From Bible Class to Red Hair and a Nose Piercing
Flashback on Freshman Year
When I look back on freshman year, I honestly remember everything. It makes me think back on nervously rushing to classes to avoid being late, being absolutely terrified to talk to people, having long brown hair, and worrying way too much about what people thought of me. I worried about boys (and girls too but I didn’t tell anyone but Samantha) and if people would talk to me in class and I didn’t pay attention too much to my grades. Don’t even get me started on that last part… anyways, I think I rushed growing up. Mainly throughout high school. I had my first job at 13 and moved out of my childhood room up to an attic at 15 basically living by myself. I was ready to get out of Knoch when I was just in 9th grade, and I was too scared to make more than 3 friends, to go out of my comfort zone, and take a second to enjoy the last four years I had with these people I’ve gone to school with since 6th grade. Don’t get me wrong, I am SO glad I’m graduating because I think I’ve spent too much time here, but I am going to miss a few things. (maybe)
I got involved with pretty much just Knochettes and newspaper, but spending at least three periods a day in Ms.Thompson’s room, six this year, has made a significant impact on everything. I remember when I first met everyone else in my first newspaper class sophomore year I was terrified. Most of them were seniors and there was this quiet and kinda scary girl named Natalie that my at the time boyfriend was into. I never really talked to her because she intimidated me and now we’re editor and co-editor who never turn anything in on time, even this last “article”. And believe it or not, spending like 5 hours in one class a day makes you meet quite a few people. I really didn’t come out of my shell until halfway through junior year and I’m going to blame Ms. T. for me going from quiet and keeping to myself to being super annoying. She scared me at the time when I took my first print media class because she was loud and seemed like she would smack me if she wanted to. She could. I’ve spent more time with her over the past four years than I have in the past five with my mother and she’s one of the only people I can actually go-to for anything. I have honestly made some of my favorite memories at this school. I’m going to miss all the band trips and staying at sketchy hotels, watching The Muppets with Samantha, overhearing conversations about school drama, being excited to see everyone again on the first day of school, gossiping with Ava every morning, and endless other things.

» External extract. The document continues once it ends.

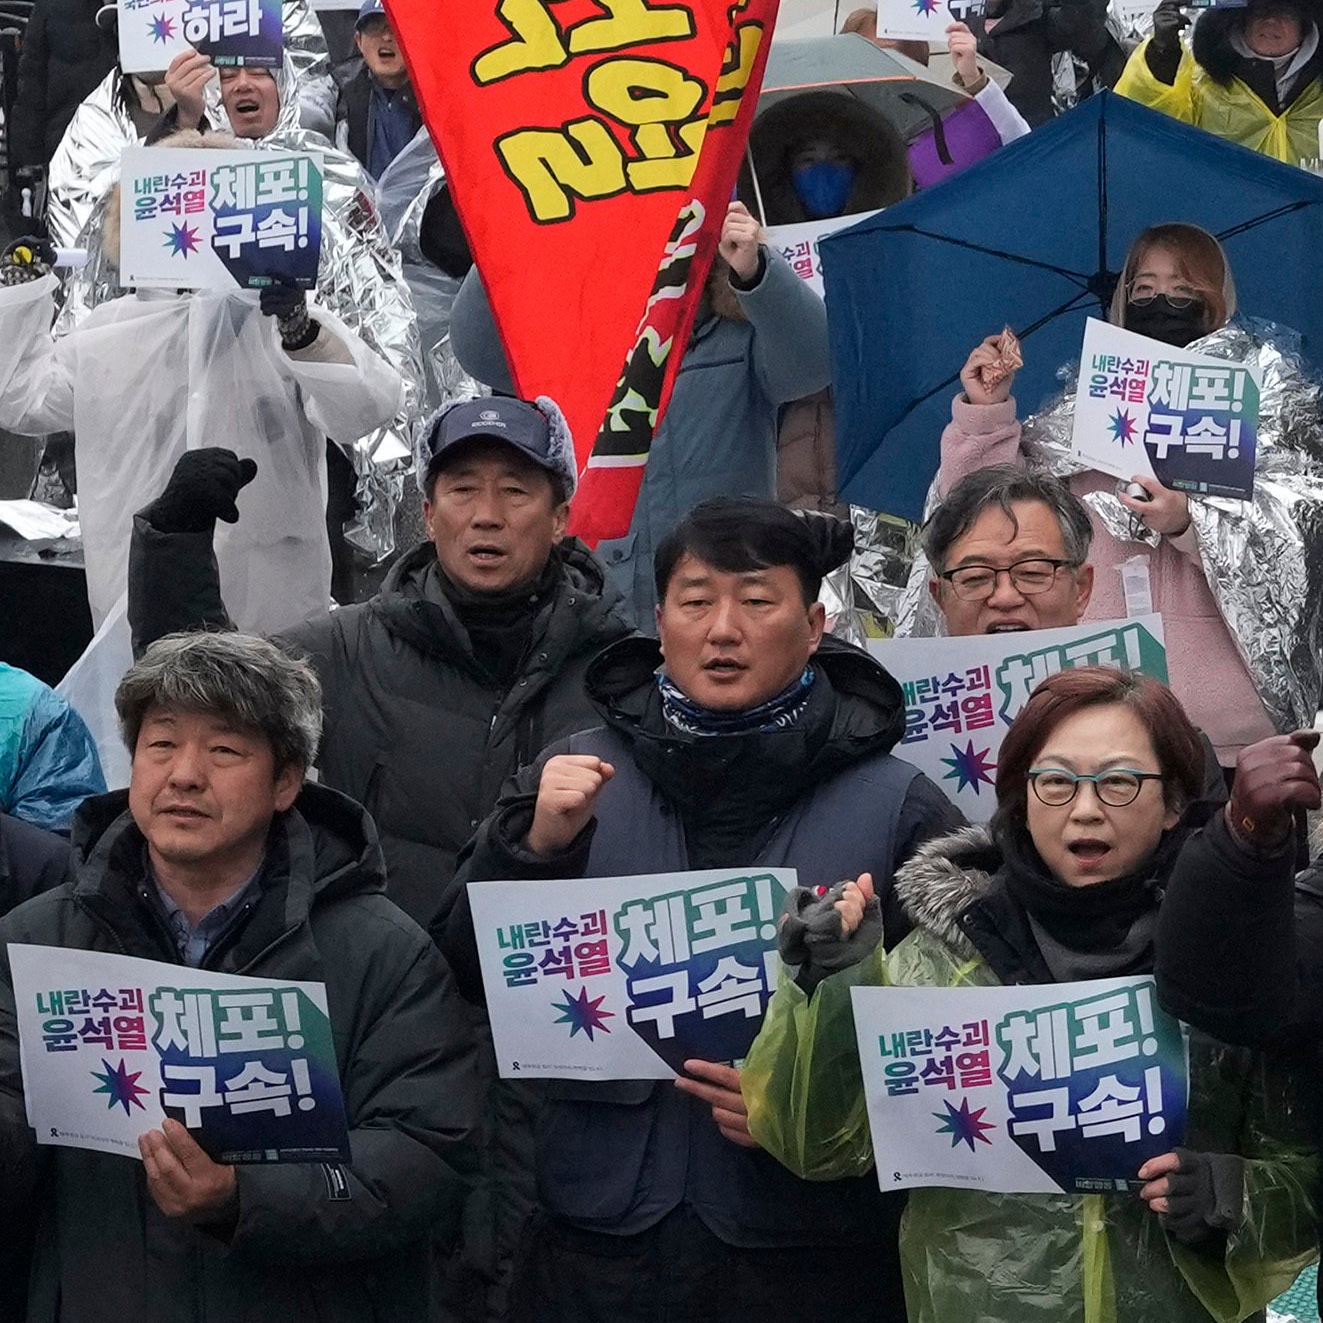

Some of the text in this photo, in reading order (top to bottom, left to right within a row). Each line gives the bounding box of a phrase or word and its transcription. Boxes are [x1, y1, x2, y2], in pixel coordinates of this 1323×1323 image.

Over the years I turned from the girl with long hair who went to church to a “bad influence” according to a couple of people. It sounds like it would be a bad thing, but through the years, I learned to not care as much what other people think of me, to do my own thing, and not be friends with people who couldn’t give less of a crap about you. I didn’t learn honestly any math throughout high school, BUT I had some occasional fun and met some of my favorite people ever. Just enjoy the time you have; I never expected to be sad about leaving the place I’ve been trying to get out of for years.